=== Section Start ===

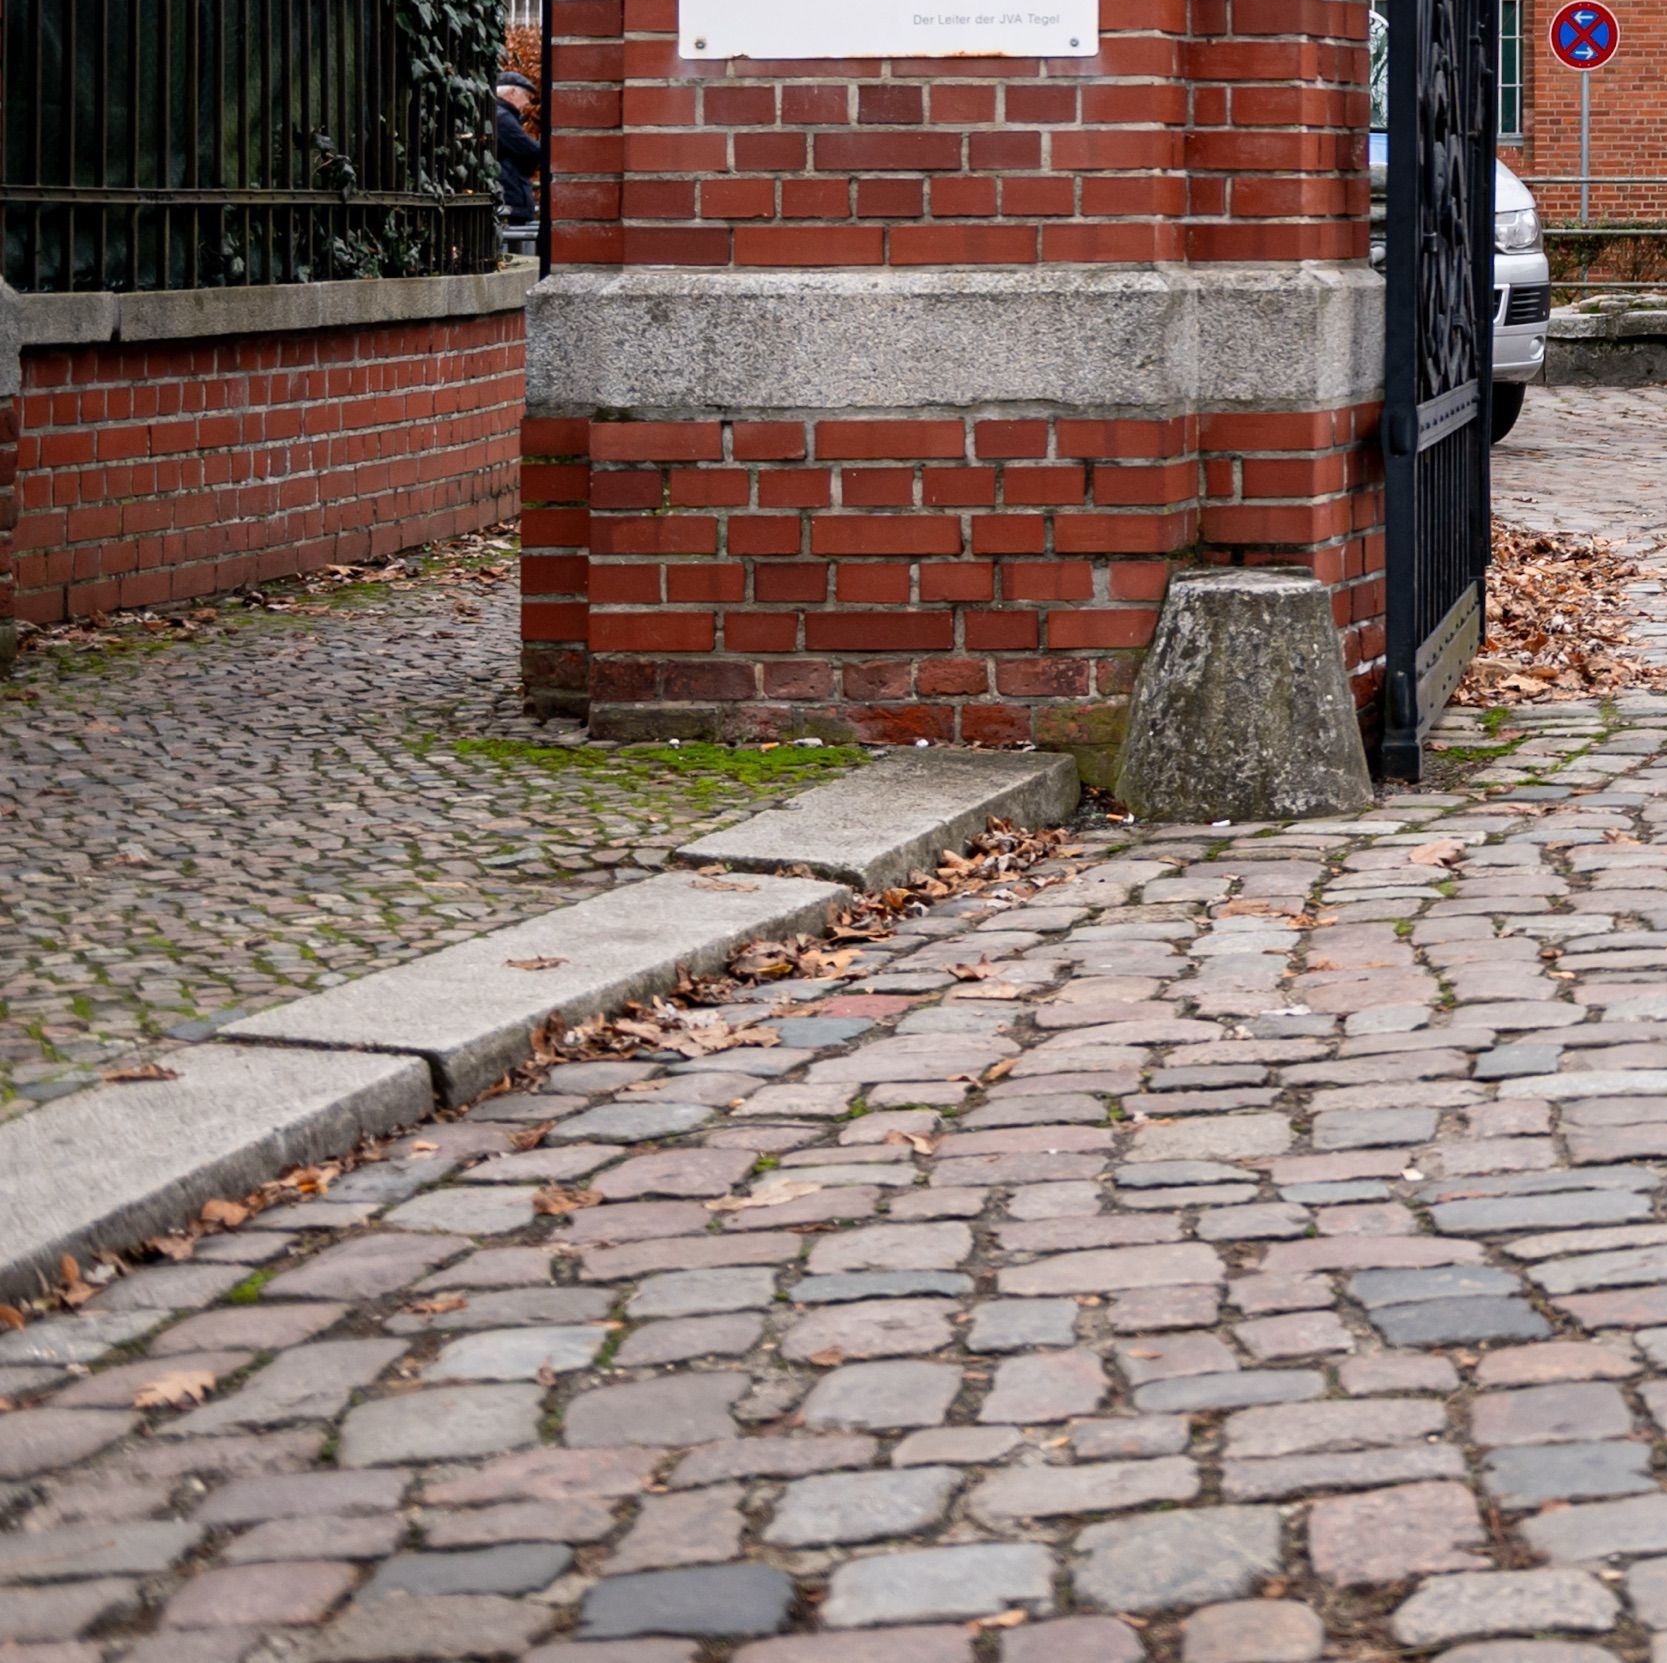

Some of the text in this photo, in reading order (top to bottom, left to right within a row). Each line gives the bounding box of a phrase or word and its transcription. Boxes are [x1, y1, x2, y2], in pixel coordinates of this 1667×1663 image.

[913, 12, 1060, 26] Der Leiter der JVA Tegel
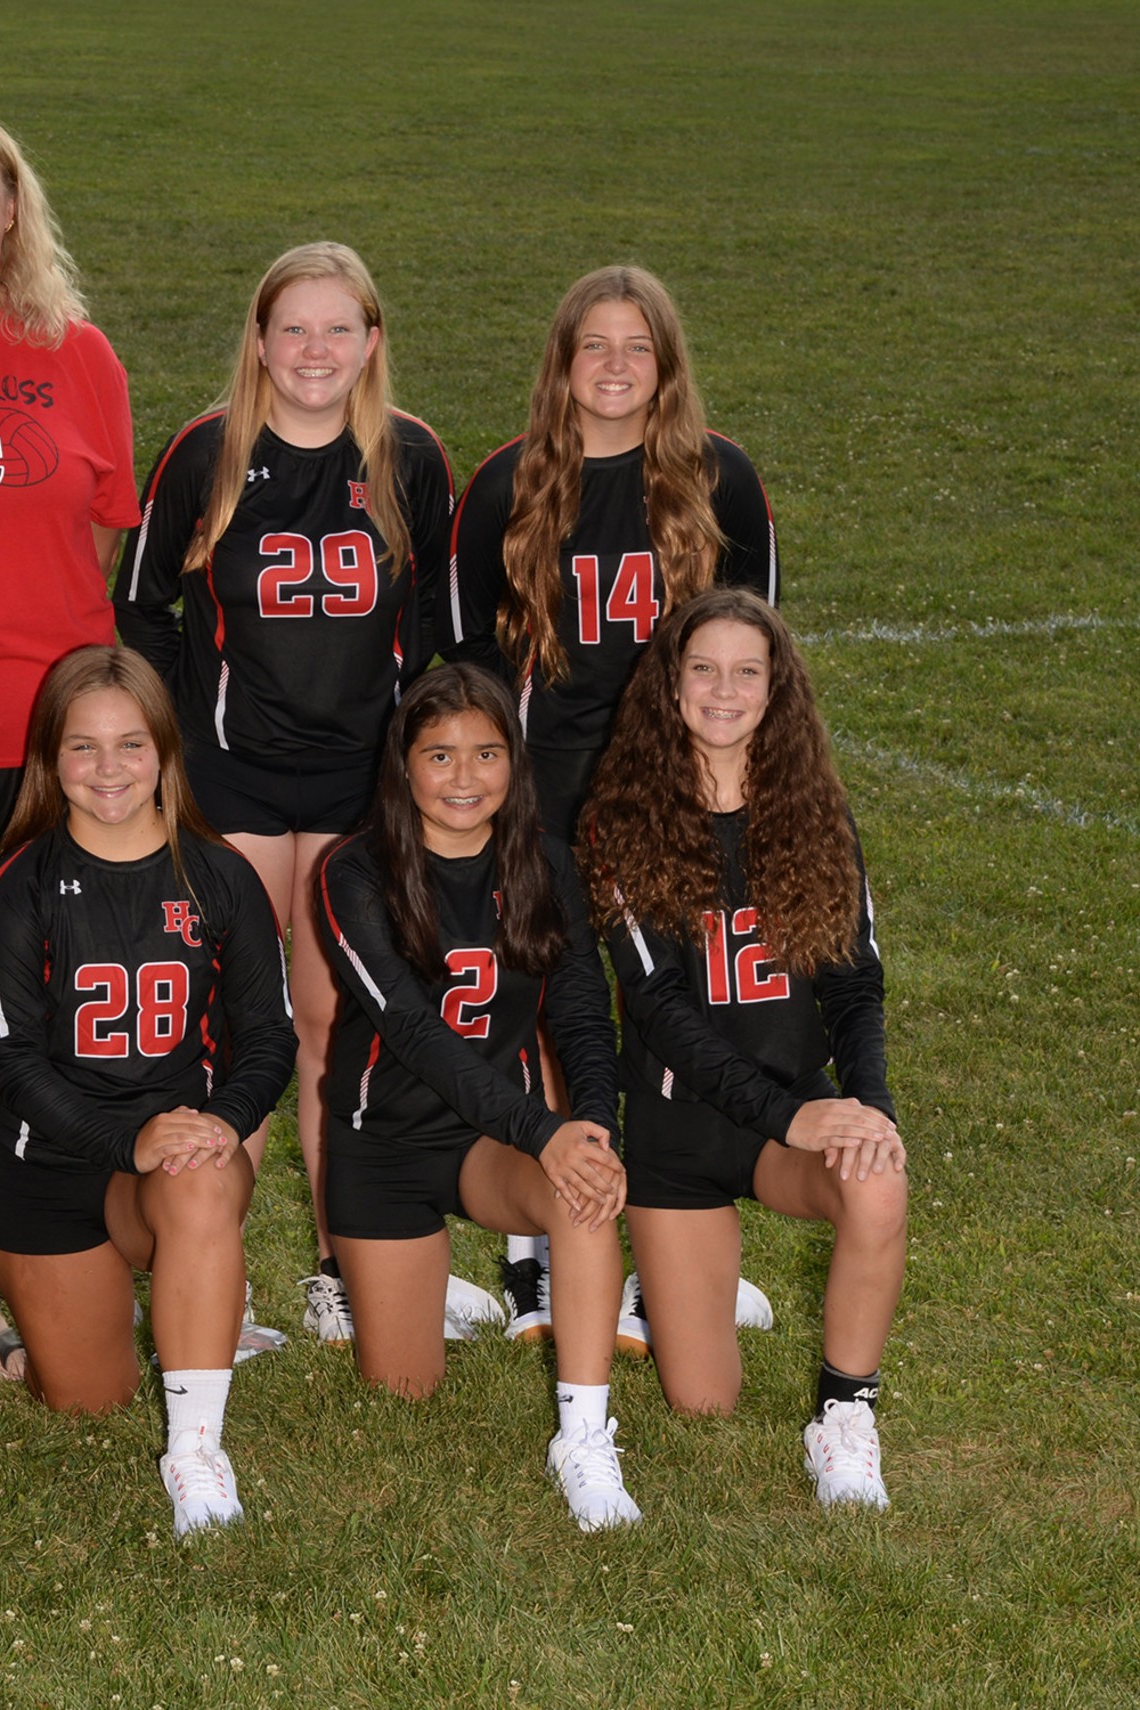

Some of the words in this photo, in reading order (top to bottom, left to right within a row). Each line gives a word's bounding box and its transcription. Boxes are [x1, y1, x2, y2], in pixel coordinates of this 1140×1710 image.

[257, 530, 378, 618] 29
[572, 551, 659, 645] 14
[161, 900, 203, 948] HC
[702, 906, 790, 1005] 12
[74, 961, 190, 1058] 28
[441, 947, 497, 1039] 2

=== Section End ===

* Activity:
Print all records verbatim, excluding pictures.

* Written solution:
Some of the text in this photo, in reading order (top to bottom, left to right within a row). Each line gives the bounding box of a phrase or word and its transcription. Boxes are [x1, y1, x2, y2], in pixel coordinates of this 1667×1663 image.

[913, 12, 1060, 26] Der Leiter der JVA Tegel

Some of the words in this photo, in reading order (top to bottom, left to right within a row). Each line gives a word's bounding box and its transcription. Boxes are [x1, y1, x2, y2], in pixel coordinates of this 1140×1710 image.

[257, 530, 378, 618] 29
[572, 551, 659, 645] 14
[161, 900, 203, 948] HC
[702, 906, 790, 1005] 12
[74, 961, 190, 1058] 28
[441, 947, 497, 1039] 2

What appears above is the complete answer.